Por otra parte, tenemos a Ninja y Yo-Landi -músicos de esa banda sudafricana inclasificable llamada Die Antwoord-, una pareja de gángsters terribles y románticos, en la tradición de Bonnie & Clyde o de Pumpkin & Honey Bunny. A priori, ellos son violentos, despiadados, la peor calaña. Aunque luego descubriremos que están llenos de ingenio, creatividad, sentido del humor y valores. La pareja secuestra al programador y, de esa manera, cae en un sus manos un robot -una conciencia moldeable-, al que pueden criar y educar para utilizarlo como un juguete ultra sofisticado que les facilitará llevar adelante sus actos delictivos.
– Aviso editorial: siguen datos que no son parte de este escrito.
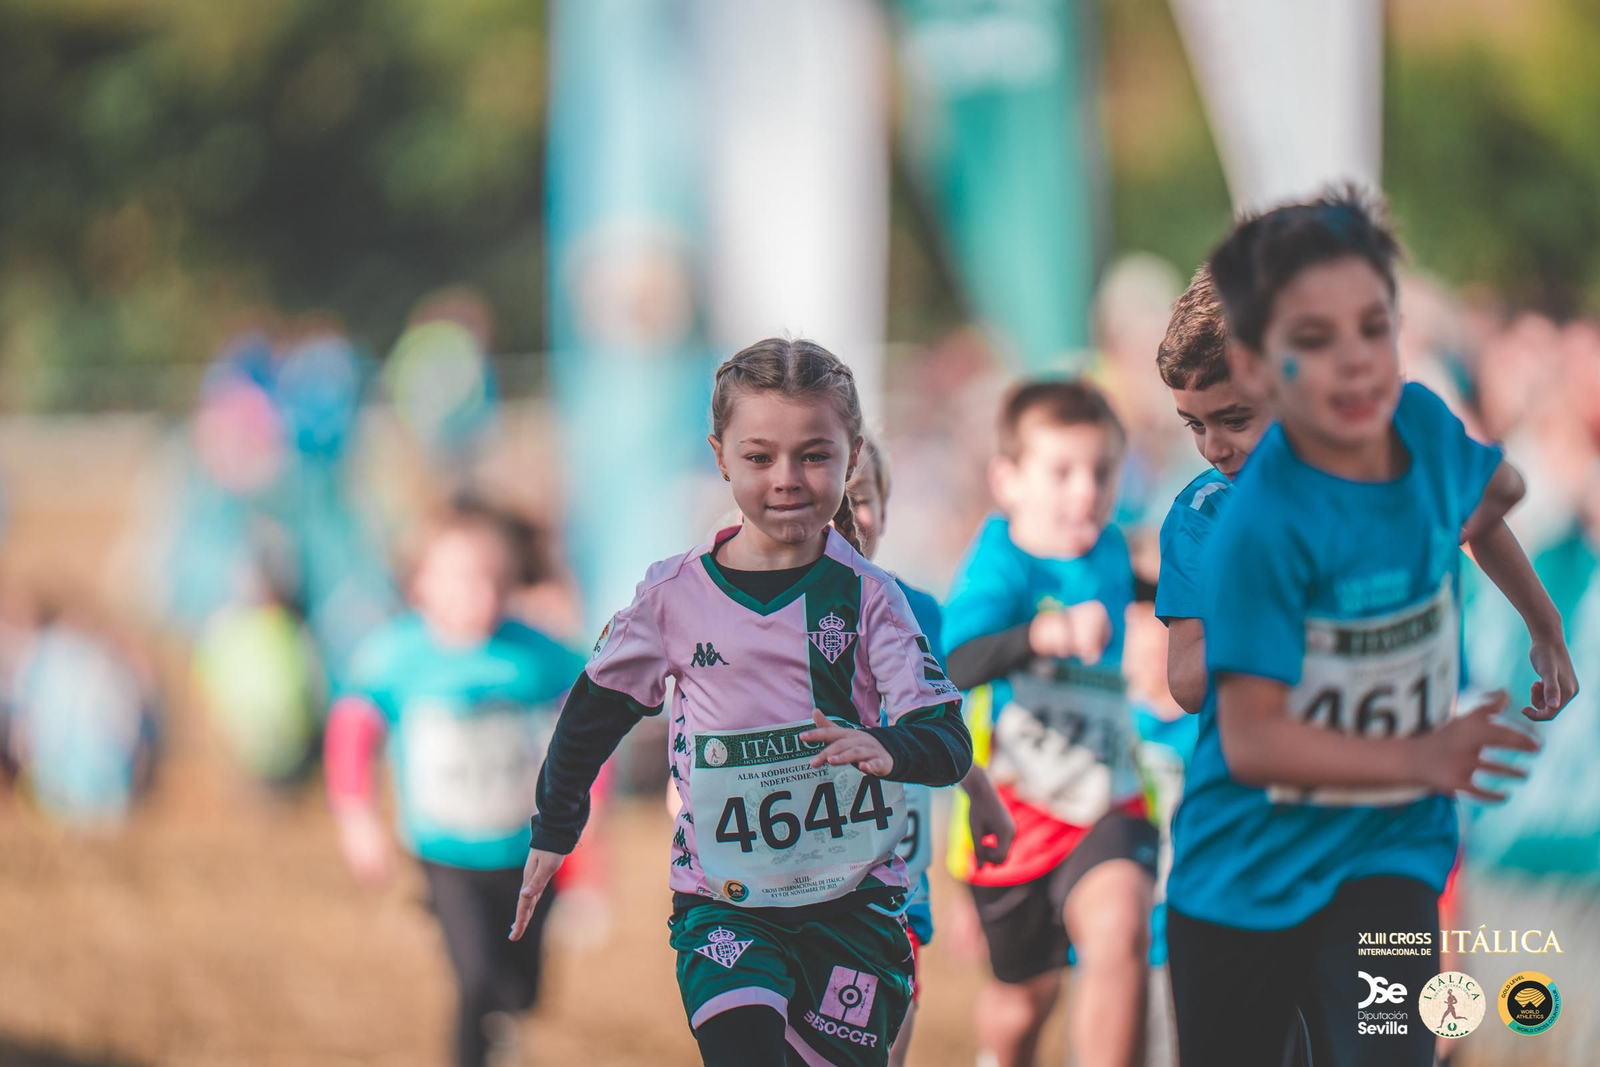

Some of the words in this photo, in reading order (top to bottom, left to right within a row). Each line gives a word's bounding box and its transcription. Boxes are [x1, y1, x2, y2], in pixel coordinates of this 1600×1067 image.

Lo cual es cierto, pero no del todo. En realidad, el robot tiene capacidad de decidir por sí mismo lo que está bien y está mal. Abriendo una dimensión interesante sobre las posibilidades y la esencia del libre albedrío.
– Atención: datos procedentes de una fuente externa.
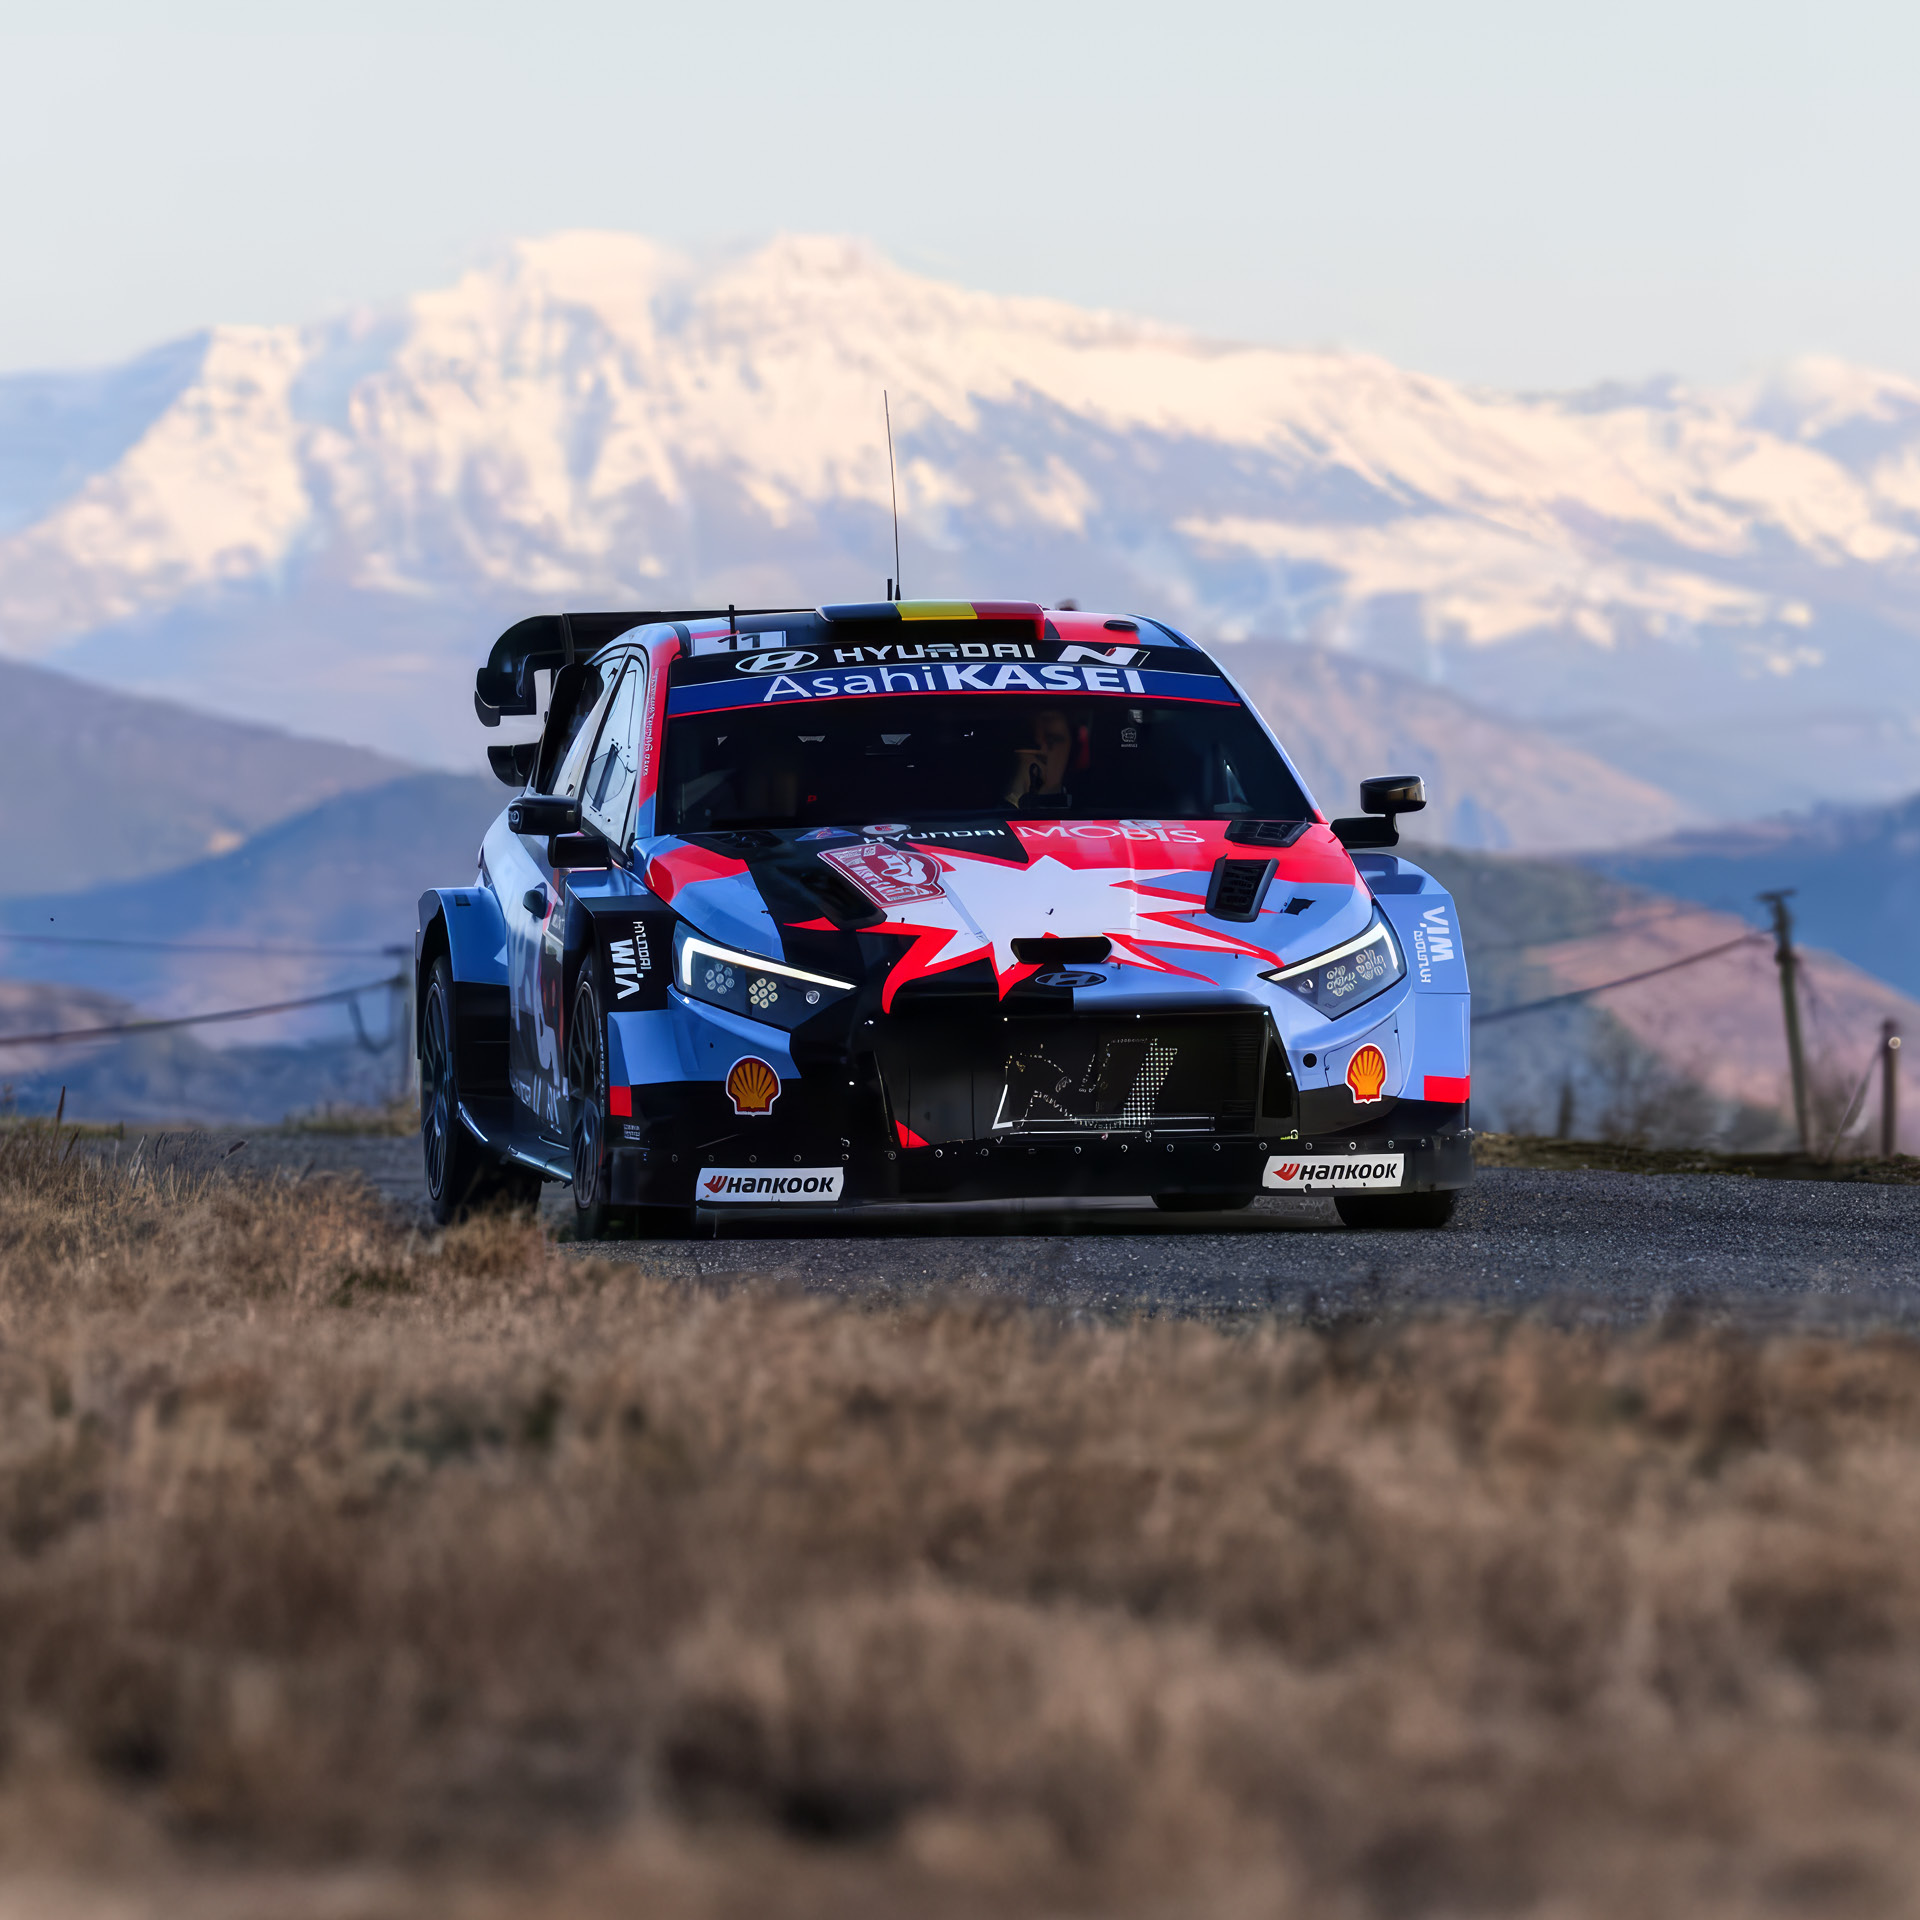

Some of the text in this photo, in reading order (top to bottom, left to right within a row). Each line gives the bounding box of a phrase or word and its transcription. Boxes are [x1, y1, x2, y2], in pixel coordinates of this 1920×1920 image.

[717, 634, 761, 650] 11
[834, 643, 1036, 663] HYUNDAI
[863, 828, 1006, 844] HYUNDAI
[1016, 825, 1206, 844] MOBIS
El científico de la computación Alan Turing creía que el cerebro humano era como una “máquina desorganizada” cuando nacemos y, a medida que vamos creciendo, el cerebro se organiza y aprende hasta constituirse en una “máquina universal”. A partir de esta premisa ideó un modelo de neurona artificial llamada Máquina Desorganizada de tipo B, una clase de neurona que podía ser entrenada. A partir de esta premisa, Bloknamp crea su propia Máquina Desorganizada y la erige como protagonista de la película. Al principio, el robot es como un niño. Apenas si entiende el lenguaje. Yo-Landi se encariña con el robot, al que trata como a un hijo y lo bautiza Chappie -que en dialecto afrikaans significa feliz-. El científico intentará inculcarle una serie de valores que, por supuesto, entrarán en conflicto con los valores de Ninja y Yo-Landi, quienes se apropian y adueñan del robot. Chappie tendrá que decidir por sí mismo cómo actuar, a fuerza de prueba y error.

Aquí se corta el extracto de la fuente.